Jason's love of classic cinema and genre-bending reaches its most inspired heights with "The Brain That Wouldn't Virginia Woolf", a pastiche of The Brain That Wouldn't Die and Who's Afraid of Virginia Woolf? Jason tells this story in reverse chronological order, and the reader gets the brunt of both the sci-fi weirdness of a head being kept alive in a lab as well as the brutally toxic but co-dependent relationship of the husband and wife. Things get more tragic as we see them struggle with the ethical ramifications of him finding her a new body, the failures he encounters, their initial courtship, and the accident that puts them in this situation. The cleverness of the set-up and the way Jason manipulates emotion make up for the ways in which the characterization is more rote and reliant on its source material, as the strip's protagonists chew the scenery like Liz Taylor and Richard Burton.

"Tom Waits On The Moon" is Jason's take on Robert Altman-style narratives with multiple unconnected characters. Each page features a single character without dialogue, just thought balloons. Each character expresses his or her own sense of grief, regret,or pure self-loathing (here disguised as misogyny). One of the characters is a scientist working on a teleportation device, and all four characters are slowly brought together for an explosive and tragic conclusion. Once again, Jason balances structure and characterization, as the reader must gather clues from their interior monologues as to their motivations and actions while the actual momentum of the story moves very slowly, speeding up only at the very end. Along the way, the plainness of the characters' thoughts adds an emotionally raw and revealing element to the book that's not in the other stories, giving nuance to the importance of performance in his work.

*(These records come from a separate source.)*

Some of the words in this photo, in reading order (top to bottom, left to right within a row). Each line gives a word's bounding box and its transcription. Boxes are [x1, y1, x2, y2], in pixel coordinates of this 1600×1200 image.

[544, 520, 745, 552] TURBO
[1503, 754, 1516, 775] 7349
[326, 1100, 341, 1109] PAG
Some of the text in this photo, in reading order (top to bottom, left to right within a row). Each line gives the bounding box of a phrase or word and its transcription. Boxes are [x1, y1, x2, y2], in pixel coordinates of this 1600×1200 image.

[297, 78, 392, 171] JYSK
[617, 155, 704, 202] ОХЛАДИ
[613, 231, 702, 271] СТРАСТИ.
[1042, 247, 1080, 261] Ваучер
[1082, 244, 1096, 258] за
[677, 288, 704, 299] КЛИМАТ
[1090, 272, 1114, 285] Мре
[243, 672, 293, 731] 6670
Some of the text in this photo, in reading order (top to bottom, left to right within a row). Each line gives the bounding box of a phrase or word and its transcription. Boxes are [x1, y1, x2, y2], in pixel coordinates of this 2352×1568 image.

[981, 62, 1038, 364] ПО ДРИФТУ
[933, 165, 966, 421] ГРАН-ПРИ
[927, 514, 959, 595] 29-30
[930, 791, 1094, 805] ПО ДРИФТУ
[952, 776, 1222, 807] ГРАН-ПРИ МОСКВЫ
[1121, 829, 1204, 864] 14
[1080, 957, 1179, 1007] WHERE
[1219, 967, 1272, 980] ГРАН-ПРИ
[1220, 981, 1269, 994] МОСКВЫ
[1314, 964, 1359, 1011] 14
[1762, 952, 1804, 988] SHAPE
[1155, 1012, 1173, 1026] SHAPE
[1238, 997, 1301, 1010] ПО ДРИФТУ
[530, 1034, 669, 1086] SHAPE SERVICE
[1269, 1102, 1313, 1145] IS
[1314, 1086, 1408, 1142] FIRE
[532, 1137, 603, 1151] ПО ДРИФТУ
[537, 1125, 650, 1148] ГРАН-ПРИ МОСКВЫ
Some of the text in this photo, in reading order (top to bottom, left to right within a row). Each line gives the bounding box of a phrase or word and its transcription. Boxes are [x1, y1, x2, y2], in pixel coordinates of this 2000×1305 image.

"So Long, Mary Ann" is another Jason gangster story, a genre that seems to hold a particular interest for him. Half of the story about a convict who breaks out of prison with the help of his girlfriend focuses on that couple and the odd woman they pick up as a hostage along the way. The other half of the story concerns the boss he's trying to get money from, who is comically violent over the least of offenses (he eventually kills his right-hand man for blowing his nose). After he leaves his girlfriend and runs away with the hostage, the convict realizes just how deadly ridiculousness can become. This story again balances Jason's interest in story structure with straightforward character motivations, but this time adds an absurd comedic element to the mix that nonetheless does little to ultimately lighten the drama.

Finally, the titular story brings back the star of The Last Musketeer, a great character that Jason seems to have been born to write. Jason re-introduces a single absurd element--that Athos the Musketeer is both immortal and now bored--and spins its story mostly off-panel. The story is really about Athos leaving America after having foiled a crime (allowing the structure of high adventure to have its moment in the story) and having failed to get his career in Hollywood off the ground. It's a decidedly downbeat and even anticlimactic note for this book to end on. Of course, since this story is a prequel to The Last Musketeer, it serves the purpose of adding a bit more depth and soul into the character of Athos, making that other book all the more poignant as a result. Despite his style, Jason is quite effective in modulating emotion from story to story, going from gags to violence to tragedy, sometimes all in the same story. Jason is in total control of all aspects of his storytelling, and, even after a decade straight of ambitious publishing, it seems as if he's just getting warmed up.